Chris Emmanouilides has lived away from Rolling Hills Estates for many years, but he and his four siblings had the difficult task of selling the family home when their mother Akrevoe passed away in 2018.
Their father, Dr. George C. Emmanouilides, had been a well-known pediatric cardiologist for more than three decades in the South Bay, including Professor of Pediatric Cardiology at Harbor-UCLA Medical Center, before his retirement.
“I thought it was a really right subject to talk about, the pain I felt about losing our home,” said Emmanouilides, who graduated from Rolling Hills High School in 1979 and now makes his home outside Philadelphia.
Emmanouilides said the film idea percolated for a number of years, but there was not a focus until his mother’s death.
“Then I realized, wow, we're moving out of this house, why don't I shoot on my multiple visits back from the East Coast?,” Emmanouilides said during a phone interview. “Why don't I just start shooting the process of my sisters and my brother, and as we go through that and see what might come of it.”
The documentary “The Wooden Heart” traces his parent’s early life to their family life in the South Bay to the sale of the home that had been in the family for 53 years. The documentary made its debut at the Los Angeles Greek Film Festival, which in its 14th year, and is screening online due to the COVID-19 pandemic. The film festival runs though Oct. 15.
Emmanouilides said in the documentary his family lived in “privileged insulation” which included siblings Nick, Elizabeth, Martha and Sophia. They had lived in Torrance before moving in 1965.
“We were the first to live in that home and the only people who lived in that home until we sold it,” Emmanouilides said.
But the five siblings had carved out their own lives across the country, so when their mother died, Emmanouilides said there was no choice but to sell the home.
“Our lives have changed and none of us could really live in that house and have our life the way we want it, much less afford a house in Rolling Hills Estates these days,” Emmanouilides said.

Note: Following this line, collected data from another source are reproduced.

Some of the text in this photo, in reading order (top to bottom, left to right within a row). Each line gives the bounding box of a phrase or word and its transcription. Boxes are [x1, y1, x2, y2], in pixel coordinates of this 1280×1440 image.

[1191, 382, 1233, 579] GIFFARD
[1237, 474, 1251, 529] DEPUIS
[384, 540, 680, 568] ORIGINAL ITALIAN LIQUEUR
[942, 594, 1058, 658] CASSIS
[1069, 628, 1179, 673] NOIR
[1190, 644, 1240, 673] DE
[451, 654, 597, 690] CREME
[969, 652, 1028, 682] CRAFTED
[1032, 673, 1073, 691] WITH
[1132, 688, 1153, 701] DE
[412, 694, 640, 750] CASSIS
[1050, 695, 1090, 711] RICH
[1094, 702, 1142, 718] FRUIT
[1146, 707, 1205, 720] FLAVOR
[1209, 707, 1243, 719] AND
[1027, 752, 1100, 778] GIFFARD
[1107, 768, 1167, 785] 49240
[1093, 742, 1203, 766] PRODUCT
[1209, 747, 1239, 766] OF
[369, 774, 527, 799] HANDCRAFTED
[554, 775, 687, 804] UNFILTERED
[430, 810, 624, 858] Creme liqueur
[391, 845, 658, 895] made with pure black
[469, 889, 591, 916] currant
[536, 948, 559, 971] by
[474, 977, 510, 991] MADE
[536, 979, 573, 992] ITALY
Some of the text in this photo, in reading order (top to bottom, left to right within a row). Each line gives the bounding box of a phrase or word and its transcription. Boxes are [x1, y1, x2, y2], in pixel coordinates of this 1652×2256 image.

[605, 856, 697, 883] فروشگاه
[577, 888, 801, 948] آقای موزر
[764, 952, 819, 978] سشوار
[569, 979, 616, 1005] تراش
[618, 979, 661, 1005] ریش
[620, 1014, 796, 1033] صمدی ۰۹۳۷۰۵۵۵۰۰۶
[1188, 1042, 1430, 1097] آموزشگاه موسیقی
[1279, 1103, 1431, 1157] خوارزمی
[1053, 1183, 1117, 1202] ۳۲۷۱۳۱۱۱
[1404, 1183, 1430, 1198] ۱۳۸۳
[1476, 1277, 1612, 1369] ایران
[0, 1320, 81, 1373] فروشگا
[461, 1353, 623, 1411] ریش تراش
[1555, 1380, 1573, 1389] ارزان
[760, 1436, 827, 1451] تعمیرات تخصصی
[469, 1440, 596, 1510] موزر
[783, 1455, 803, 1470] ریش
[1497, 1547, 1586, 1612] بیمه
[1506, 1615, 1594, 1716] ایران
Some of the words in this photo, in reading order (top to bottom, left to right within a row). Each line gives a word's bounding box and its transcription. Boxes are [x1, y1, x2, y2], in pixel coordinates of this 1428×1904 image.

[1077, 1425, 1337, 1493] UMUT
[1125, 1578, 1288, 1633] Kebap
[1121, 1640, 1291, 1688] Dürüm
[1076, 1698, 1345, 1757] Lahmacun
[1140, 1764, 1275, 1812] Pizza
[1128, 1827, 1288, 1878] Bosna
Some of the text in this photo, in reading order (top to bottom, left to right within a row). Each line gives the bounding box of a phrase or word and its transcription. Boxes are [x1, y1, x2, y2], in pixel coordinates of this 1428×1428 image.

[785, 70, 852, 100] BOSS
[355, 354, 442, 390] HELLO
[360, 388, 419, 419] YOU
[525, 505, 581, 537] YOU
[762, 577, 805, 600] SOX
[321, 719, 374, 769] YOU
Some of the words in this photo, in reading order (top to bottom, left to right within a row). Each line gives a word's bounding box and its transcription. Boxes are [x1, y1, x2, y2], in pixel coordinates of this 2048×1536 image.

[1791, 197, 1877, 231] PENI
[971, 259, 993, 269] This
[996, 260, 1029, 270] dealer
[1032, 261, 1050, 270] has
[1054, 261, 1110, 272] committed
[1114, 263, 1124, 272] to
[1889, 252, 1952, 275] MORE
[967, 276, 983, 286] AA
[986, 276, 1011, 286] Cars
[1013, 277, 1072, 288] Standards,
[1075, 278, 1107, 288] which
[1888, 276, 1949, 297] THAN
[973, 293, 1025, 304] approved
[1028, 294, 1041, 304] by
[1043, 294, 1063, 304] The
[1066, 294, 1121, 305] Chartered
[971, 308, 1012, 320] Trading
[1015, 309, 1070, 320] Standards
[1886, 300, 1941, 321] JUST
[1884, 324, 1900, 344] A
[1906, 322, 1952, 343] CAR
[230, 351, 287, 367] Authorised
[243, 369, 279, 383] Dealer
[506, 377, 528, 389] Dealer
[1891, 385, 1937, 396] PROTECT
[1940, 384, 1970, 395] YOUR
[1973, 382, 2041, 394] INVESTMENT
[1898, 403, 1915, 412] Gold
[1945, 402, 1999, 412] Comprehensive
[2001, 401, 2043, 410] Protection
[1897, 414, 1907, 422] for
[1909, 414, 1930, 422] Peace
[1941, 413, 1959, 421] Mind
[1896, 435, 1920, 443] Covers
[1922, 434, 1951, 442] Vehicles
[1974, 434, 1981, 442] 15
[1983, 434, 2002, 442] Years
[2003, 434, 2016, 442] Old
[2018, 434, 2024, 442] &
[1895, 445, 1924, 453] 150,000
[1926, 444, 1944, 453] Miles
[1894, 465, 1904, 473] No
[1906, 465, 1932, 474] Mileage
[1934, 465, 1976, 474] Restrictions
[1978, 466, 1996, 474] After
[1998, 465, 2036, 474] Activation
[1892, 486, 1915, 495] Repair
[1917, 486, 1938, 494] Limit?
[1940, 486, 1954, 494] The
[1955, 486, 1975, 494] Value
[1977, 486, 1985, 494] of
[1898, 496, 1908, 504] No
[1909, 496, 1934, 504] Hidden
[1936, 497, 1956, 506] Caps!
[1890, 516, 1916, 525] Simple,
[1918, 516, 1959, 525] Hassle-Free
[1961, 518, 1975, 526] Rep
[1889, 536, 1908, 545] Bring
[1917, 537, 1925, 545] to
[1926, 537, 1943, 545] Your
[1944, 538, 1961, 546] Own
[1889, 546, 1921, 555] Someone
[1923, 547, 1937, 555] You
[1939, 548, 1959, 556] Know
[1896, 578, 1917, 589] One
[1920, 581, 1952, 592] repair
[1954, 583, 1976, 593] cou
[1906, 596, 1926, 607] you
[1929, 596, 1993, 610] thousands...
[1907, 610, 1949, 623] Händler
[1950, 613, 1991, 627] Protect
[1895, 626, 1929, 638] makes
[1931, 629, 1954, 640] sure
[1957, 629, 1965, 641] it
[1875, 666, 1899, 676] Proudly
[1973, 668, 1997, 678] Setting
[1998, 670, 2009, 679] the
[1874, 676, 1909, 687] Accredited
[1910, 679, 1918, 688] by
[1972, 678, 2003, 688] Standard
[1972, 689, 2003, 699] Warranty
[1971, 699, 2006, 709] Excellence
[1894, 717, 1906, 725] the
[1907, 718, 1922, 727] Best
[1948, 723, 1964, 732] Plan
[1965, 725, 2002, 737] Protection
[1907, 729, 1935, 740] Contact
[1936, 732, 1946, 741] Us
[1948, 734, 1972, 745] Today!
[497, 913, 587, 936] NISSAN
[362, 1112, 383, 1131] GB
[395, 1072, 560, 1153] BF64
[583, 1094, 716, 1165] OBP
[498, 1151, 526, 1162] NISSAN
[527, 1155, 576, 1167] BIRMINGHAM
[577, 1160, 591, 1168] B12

Emmanouilides, a documentarian and essayist, would come to Los Angeles for business and to see his parents regularly. He had shot footage of the Palos Verdes Peninsula in the past, but in March 2018 when his mother died, he brought his camera when he returned several times that summer to document the sale of the home and many of the objects that were part of the family’s history.
When he died in 2013, the doctor left behind a wooden model of the human heart that he had used for the parents of his patients to describe what the surgery entails.
“There's a heart, there's a home, there's Los Angeles … how can I make connections that are more than just personal and maybe more universal, to a much larger human experience about letting go of home?,” said Emmanouilides of how his father's model impacted his work.
Emmanouilides added he would like the viewers to “think about our elders sometimes” and honor them as well.
“Listen to them as we go through a lot of changes in our lives today,” he said. “But there’s wisdom, there’s wisdom in my father’s life.”